WORK TO COMPLETE: Find the lines in the records that carry the word "words". Copy each one.

DATA UNDER STUDY:
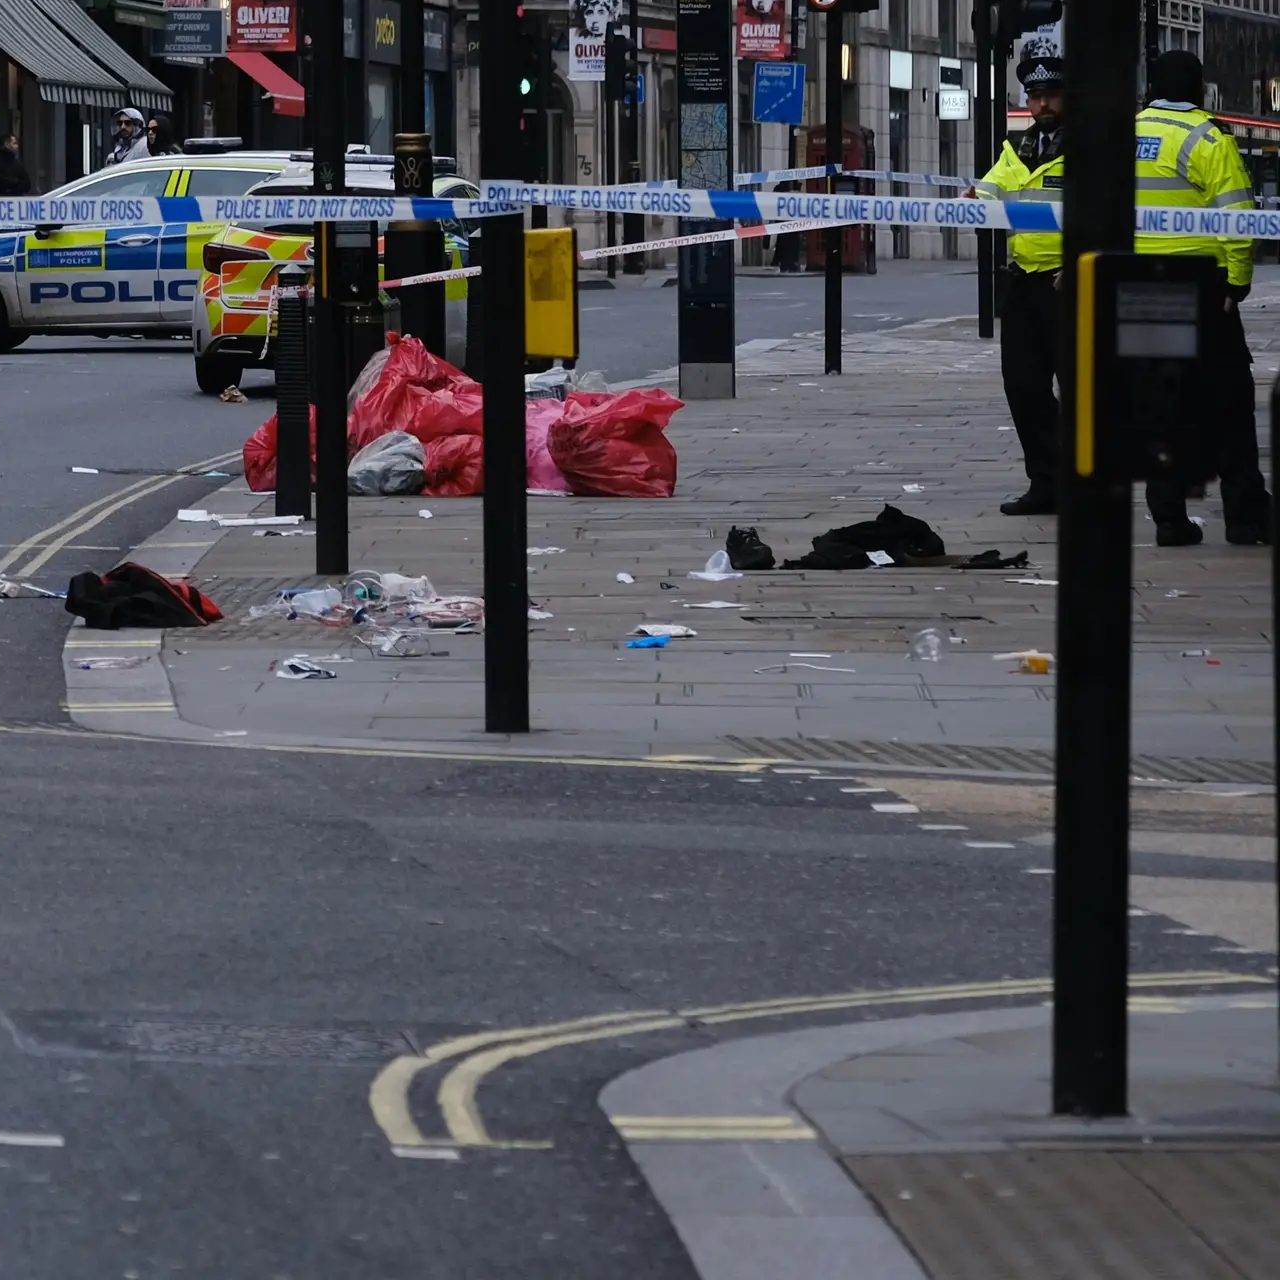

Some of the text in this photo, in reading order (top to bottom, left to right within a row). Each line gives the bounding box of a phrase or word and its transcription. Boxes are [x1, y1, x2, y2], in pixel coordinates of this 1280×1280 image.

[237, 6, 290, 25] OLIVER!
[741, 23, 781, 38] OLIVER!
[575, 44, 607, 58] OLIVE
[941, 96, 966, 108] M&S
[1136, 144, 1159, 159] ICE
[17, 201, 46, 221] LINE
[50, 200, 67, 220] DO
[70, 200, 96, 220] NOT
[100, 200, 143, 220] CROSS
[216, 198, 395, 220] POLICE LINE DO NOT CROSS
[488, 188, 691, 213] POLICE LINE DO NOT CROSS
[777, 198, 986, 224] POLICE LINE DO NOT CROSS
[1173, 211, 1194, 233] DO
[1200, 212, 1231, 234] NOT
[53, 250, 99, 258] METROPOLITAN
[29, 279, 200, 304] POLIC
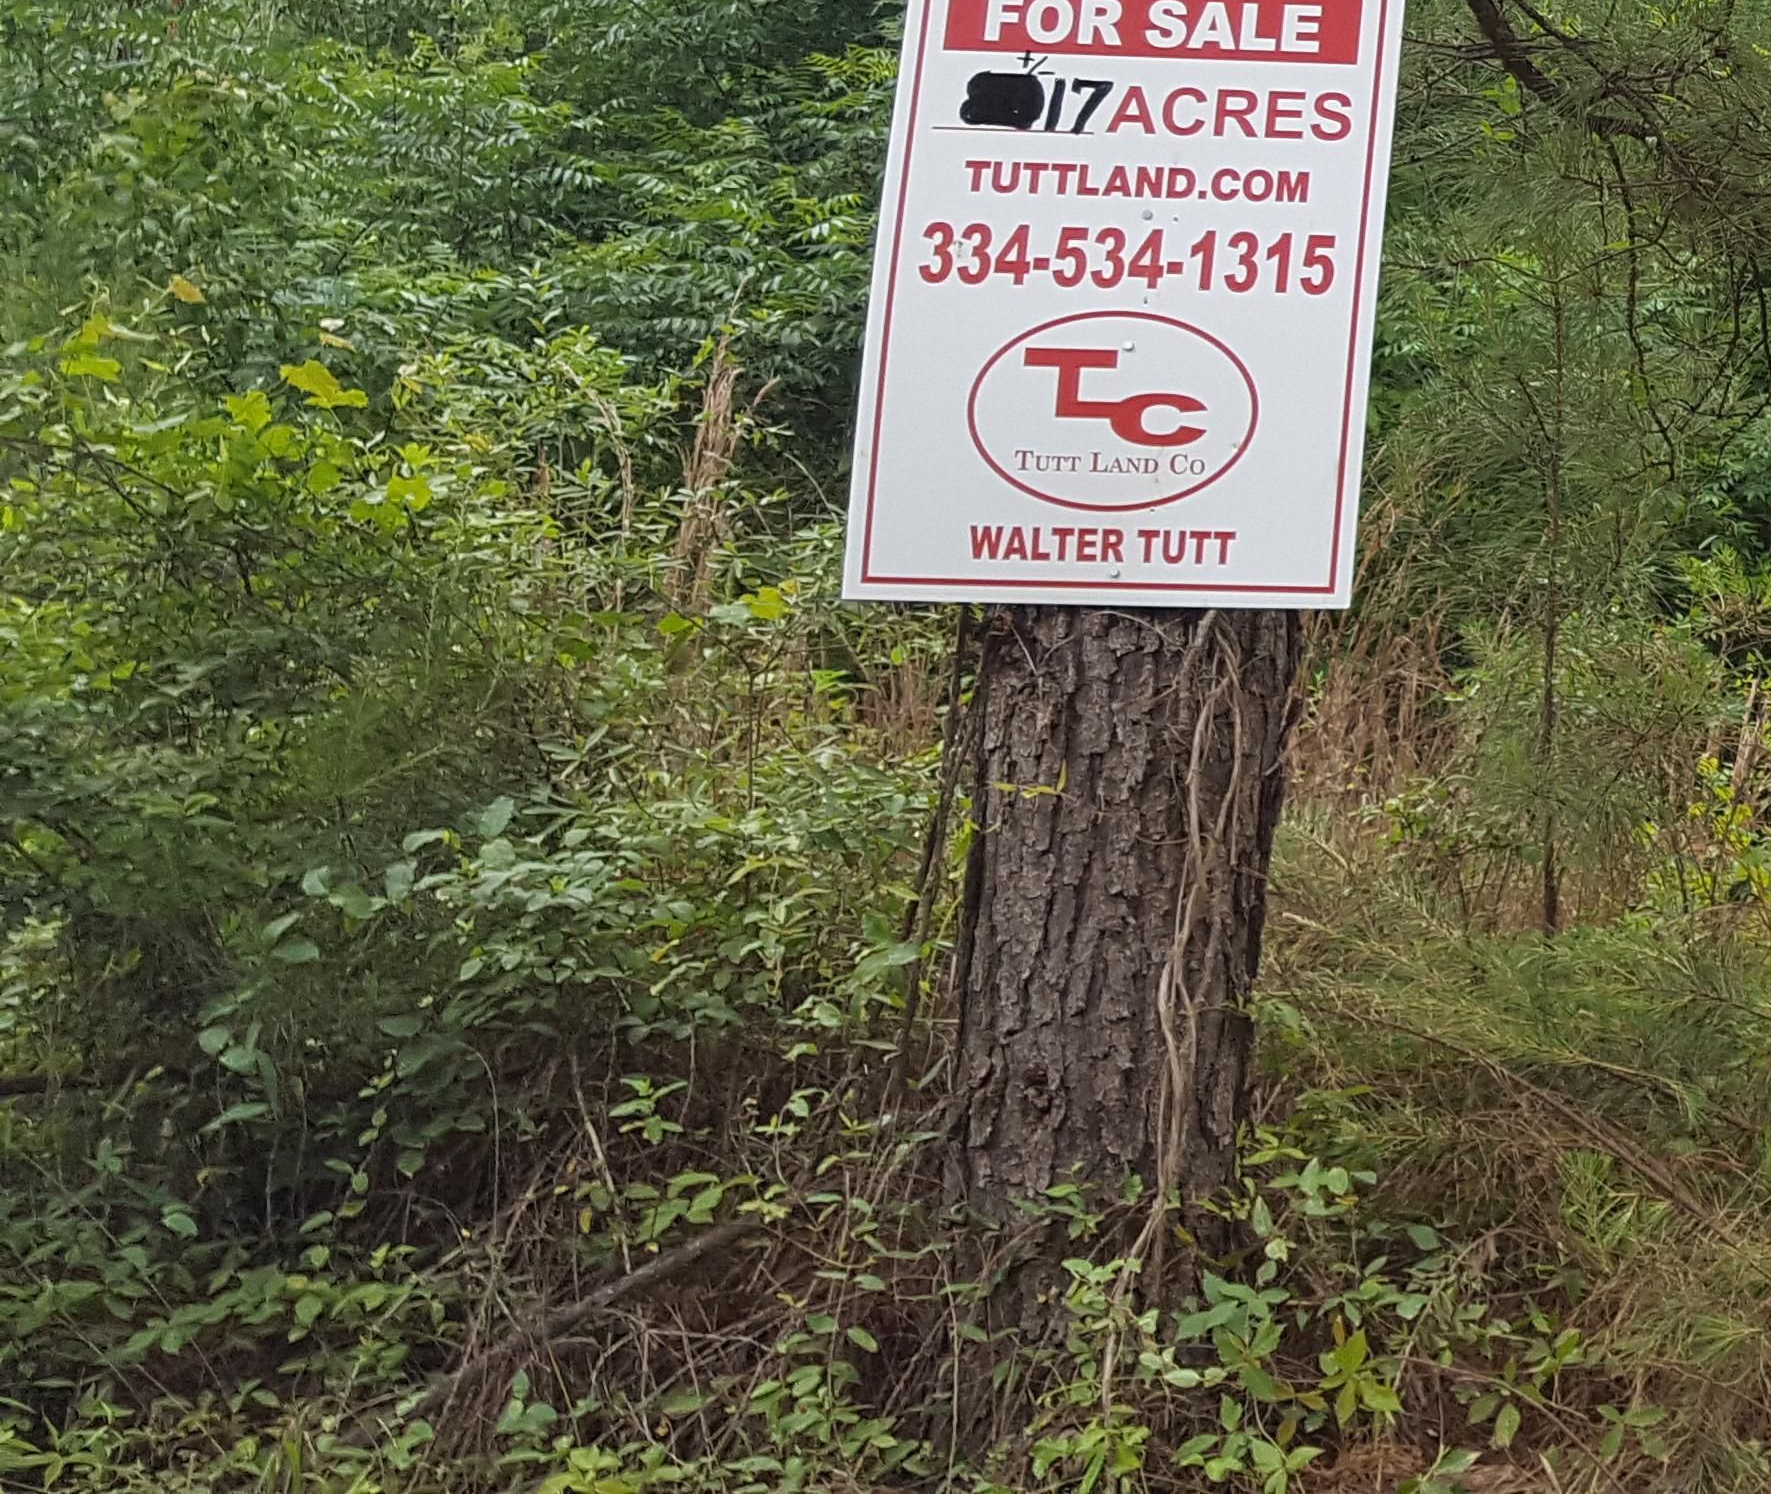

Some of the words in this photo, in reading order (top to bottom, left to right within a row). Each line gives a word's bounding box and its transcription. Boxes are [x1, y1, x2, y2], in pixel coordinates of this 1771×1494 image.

* * *

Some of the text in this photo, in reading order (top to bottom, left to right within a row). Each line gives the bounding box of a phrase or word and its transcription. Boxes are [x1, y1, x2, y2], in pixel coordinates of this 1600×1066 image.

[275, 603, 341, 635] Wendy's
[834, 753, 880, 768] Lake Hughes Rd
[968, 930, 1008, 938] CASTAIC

==

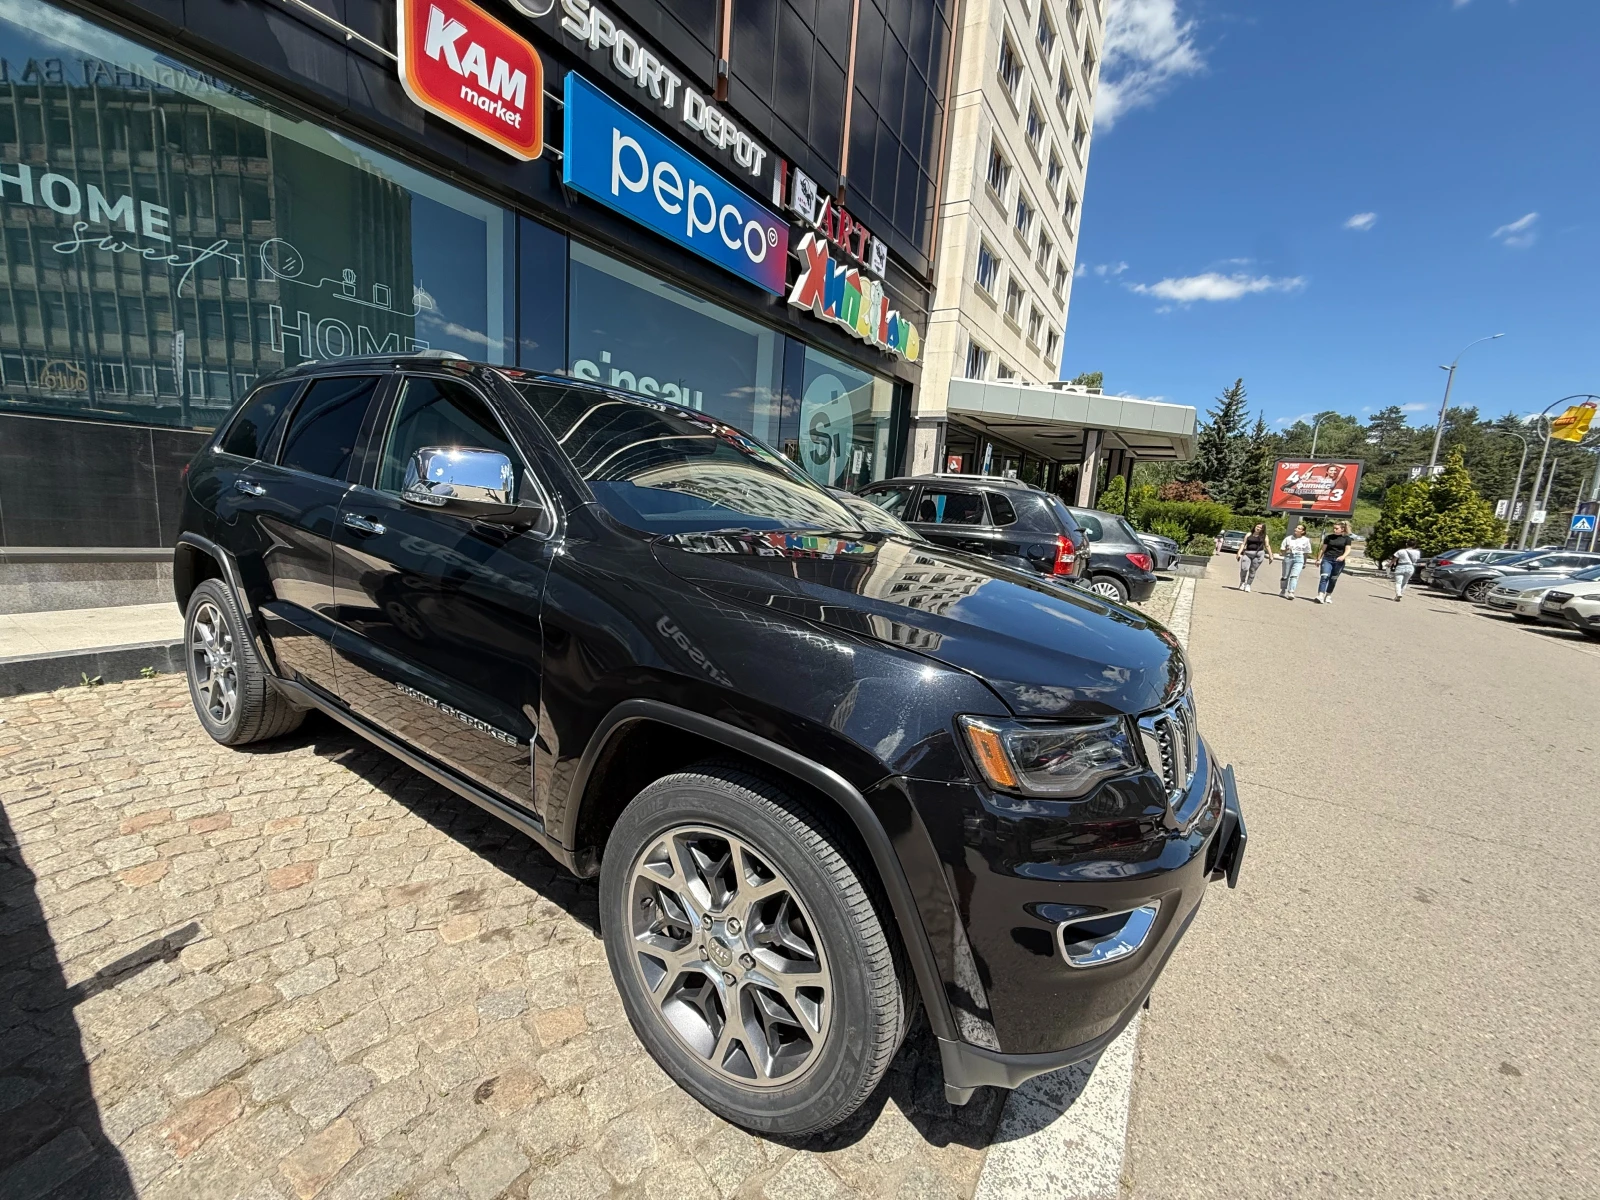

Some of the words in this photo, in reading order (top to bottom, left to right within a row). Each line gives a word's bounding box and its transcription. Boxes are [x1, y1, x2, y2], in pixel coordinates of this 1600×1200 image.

ANSWER FOR THIS EXERCISE:
Some of the words in this photo, in reading order (top to bottom, left to right within a row). Each line gives a word's bounding box and its transcription. Boxes are [x1, y1, x2, y2], in pixel coordinates of this 1771×1494 image.
Some of the words in this photo, in reading order (top to bottom, left to right within a row). Each line gives a word's bounding box and its transcription. Boxes are [x1, y1, x2, y2], in pixel coordinates of this 1600×1200 image.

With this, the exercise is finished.